[[ Records for the task, beginning ]]
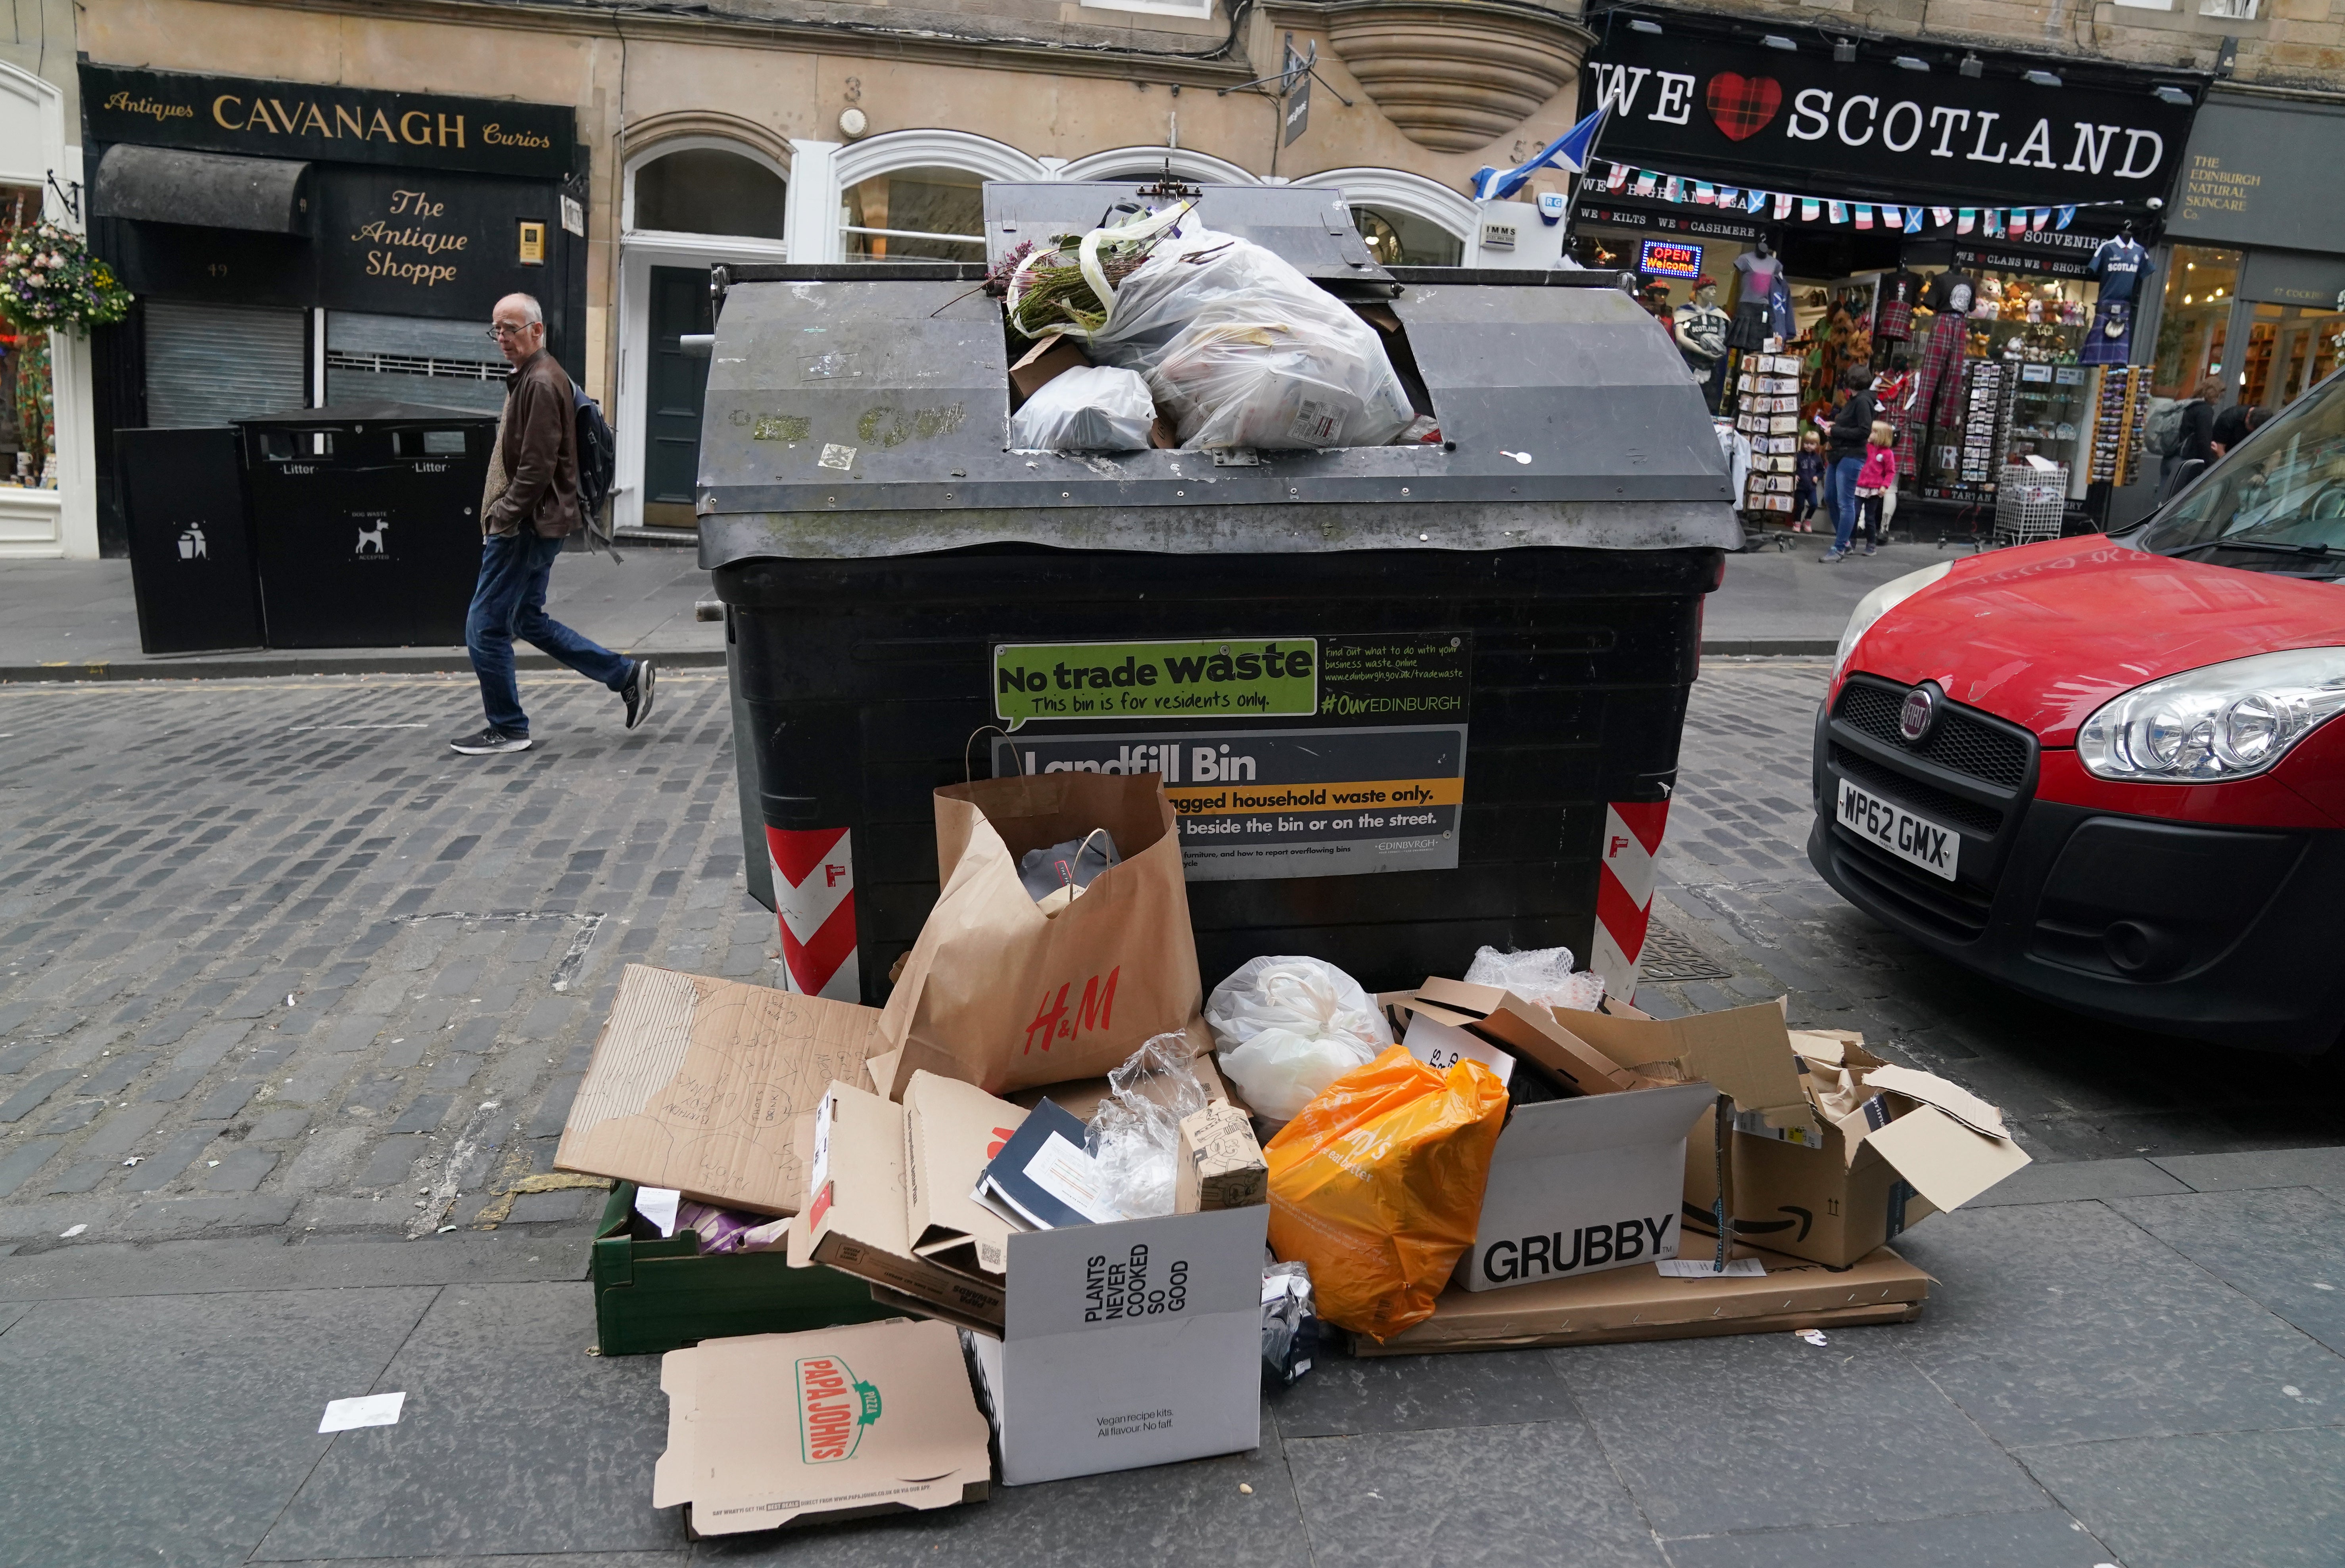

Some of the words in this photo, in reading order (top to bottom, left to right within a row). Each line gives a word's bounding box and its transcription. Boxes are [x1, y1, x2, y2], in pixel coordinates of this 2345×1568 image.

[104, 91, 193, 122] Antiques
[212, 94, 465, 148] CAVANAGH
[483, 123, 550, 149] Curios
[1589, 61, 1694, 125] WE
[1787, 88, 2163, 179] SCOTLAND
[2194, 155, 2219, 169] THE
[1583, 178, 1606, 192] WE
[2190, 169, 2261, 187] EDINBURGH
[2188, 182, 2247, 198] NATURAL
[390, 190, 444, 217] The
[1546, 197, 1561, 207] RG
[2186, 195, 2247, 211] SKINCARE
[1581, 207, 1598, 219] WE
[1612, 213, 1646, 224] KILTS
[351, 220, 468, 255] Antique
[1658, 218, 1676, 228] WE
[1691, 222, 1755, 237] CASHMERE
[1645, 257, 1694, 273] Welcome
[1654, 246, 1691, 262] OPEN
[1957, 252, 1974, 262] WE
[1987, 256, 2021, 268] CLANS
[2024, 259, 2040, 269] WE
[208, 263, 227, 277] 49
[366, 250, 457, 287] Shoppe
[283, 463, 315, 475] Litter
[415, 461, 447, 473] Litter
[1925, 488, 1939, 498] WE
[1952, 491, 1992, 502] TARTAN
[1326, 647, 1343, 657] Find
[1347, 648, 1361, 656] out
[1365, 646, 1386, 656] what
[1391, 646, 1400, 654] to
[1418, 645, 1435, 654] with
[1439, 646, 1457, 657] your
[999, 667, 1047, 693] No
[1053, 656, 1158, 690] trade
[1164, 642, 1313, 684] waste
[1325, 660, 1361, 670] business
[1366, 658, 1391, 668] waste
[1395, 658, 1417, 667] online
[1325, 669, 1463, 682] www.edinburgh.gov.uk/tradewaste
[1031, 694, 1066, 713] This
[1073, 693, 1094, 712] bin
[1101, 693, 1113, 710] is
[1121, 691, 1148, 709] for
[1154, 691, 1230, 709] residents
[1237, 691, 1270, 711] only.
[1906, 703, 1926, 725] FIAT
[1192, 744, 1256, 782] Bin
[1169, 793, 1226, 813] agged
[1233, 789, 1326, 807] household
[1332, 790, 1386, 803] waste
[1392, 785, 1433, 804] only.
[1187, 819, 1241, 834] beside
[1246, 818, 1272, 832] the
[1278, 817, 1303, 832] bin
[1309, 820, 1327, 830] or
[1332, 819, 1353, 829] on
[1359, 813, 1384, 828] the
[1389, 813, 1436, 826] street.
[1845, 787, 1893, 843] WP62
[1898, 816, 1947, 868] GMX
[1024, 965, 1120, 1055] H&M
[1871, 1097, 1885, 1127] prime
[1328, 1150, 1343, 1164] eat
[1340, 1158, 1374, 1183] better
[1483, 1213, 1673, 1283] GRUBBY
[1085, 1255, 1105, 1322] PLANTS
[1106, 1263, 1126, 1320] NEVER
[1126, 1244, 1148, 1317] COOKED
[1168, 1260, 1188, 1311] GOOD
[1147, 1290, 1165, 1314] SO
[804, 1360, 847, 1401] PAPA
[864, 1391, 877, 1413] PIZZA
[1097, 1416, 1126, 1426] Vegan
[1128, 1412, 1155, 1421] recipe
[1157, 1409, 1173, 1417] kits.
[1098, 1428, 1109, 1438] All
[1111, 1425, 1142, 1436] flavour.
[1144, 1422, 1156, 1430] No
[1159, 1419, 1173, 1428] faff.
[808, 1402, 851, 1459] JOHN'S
[[ Records for the task, end ]]
**Exercise requirements**.
Retype all of the data above word for word, excluding the pictures.

**Task solution**.
Some of the words in this photo, in reading order (top to bottom, left to right within a row). Each line gives a word's bounding box and its transcription. Boxes are [x1, y1, x2, y2], in pixel coordinates of this 2345×1568 image.

[104, 91, 193, 122] Antiques
[212, 94, 465, 148] CAVANAGH
[483, 123, 550, 149] Curios
[1589, 61, 1694, 125] WE
[1787, 88, 2163, 179] SCOTLAND
[2194, 155, 2219, 169] THE
[1583, 178, 1606, 192] WE
[2190, 169, 2261, 187] EDINBURGH
[2188, 182, 2247, 198] NATURAL
[390, 190, 444, 217] The
[1546, 197, 1561, 207] RG
[2186, 195, 2247, 211] SKINCARE
[1581, 207, 1598, 219] WE
[1612, 213, 1646, 224] KILTS
[351, 220, 468, 255] Antique
[1658, 218, 1676, 228] WE
[1691, 222, 1755, 237] CASHMERE
[1645, 257, 1694, 273] Welcome
[1654, 246, 1691, 262] OPEN
[1957, 252, 1974, 262] WE
[1987, 256, 2021, 268] CLANS
[2024, 259, 2040, 269] WE
[208, 263, 227, 277] 49
[366, 250, 457, 287] Shoppe
[283, 463, 315, 475] Litter
[415, 461, 447, 473] Litter
[1925, 488, 1939, 498] WE
[1952, 491, 1992, 502] TARTAN
[1326, 647, 1343, 657] Find
[1347, 648, 1361, 656] out
[1365, 646, 1386, 656] what
[1391, 646, 1400, 654] to
[1418, 645, 1435, 654] with
[1439, 646, 1457, 657] your
[999, 667, 1047, 693] No
[1053, 656, 1158, 690] trade
[1164, 642, 1313, 684] waste
[1325, 660, 1361, 670] business
[1366, 658, 1391, 668] waste
[1395, 658, 1417, 667] online
[1325, 669, 1463, 682] www.edinburgh.gov.uk/tradewaste
[1031, 694, 1066, 713] This
[1073, 693, 1094, 712] bin
[1101, 693, 1113, 710] is
[1121, 691, 1148, 709] for
[1154, 691, 1230, 709] residents
[1237, 691, 1270, 711] only.
[1906, 703, 1926, 725] FIAT
[1192, 744, 1256, 782] Bin
[1169, 793, 1226, 813] agged
[1233, 789, 1326, 807] household
[1332, 790, 1386, 803] waste
[1392, 785, 1433, 804] only.
[1187, 819, 1241, 834] beside
[1246, 818, 1272, 832] the
[1278, 817, 1303, 832] bin
[1309, 820, 1327, 830] or
[1332, 819, 1353, 829] on
[1359, 813, 1384, 828] the
[1389, 813, 1436, 826] street.
[1845, 787, 1893, 843] WP62
[1898, 816, 1947, 868] GMX
[1024, 965, 1120, 1055] H&M
[1871, 1097, 1885, 1127] prime
[1328, 1150, 1343, 1164] eat
[1340, 1158, 1374, 1183] better
[1483, 1213, 1673, 1283] GRUBBY
[1085, 1255, 1105, 1322] PLANTS
[1106, 1263, 1126, 1320] NEVER
[1126, 1244, 1148, 1317] COOKED
[1168, 1260, 1188, 1311] GOOD
[1147, 1290, 1165, 1314] SO
[804, 1360, 847, 1401] PAPA
[864, 1391, 877, 1413] PIZZA
[1097, 1416, 1126, 1426] Vegan
[1128, 1412, 1155, 1421] recipe
[1157, 1409, 1173, 1417] kits.
[1098, 1428, 1109, 1438] All
[1111, 1425, 1142, 1436] flavour.
[1144, 1422, 1156, 1430] No
[1159, 1419, 1173, 1428] faff.
[808, 1402, 851, 1459] JOHN'S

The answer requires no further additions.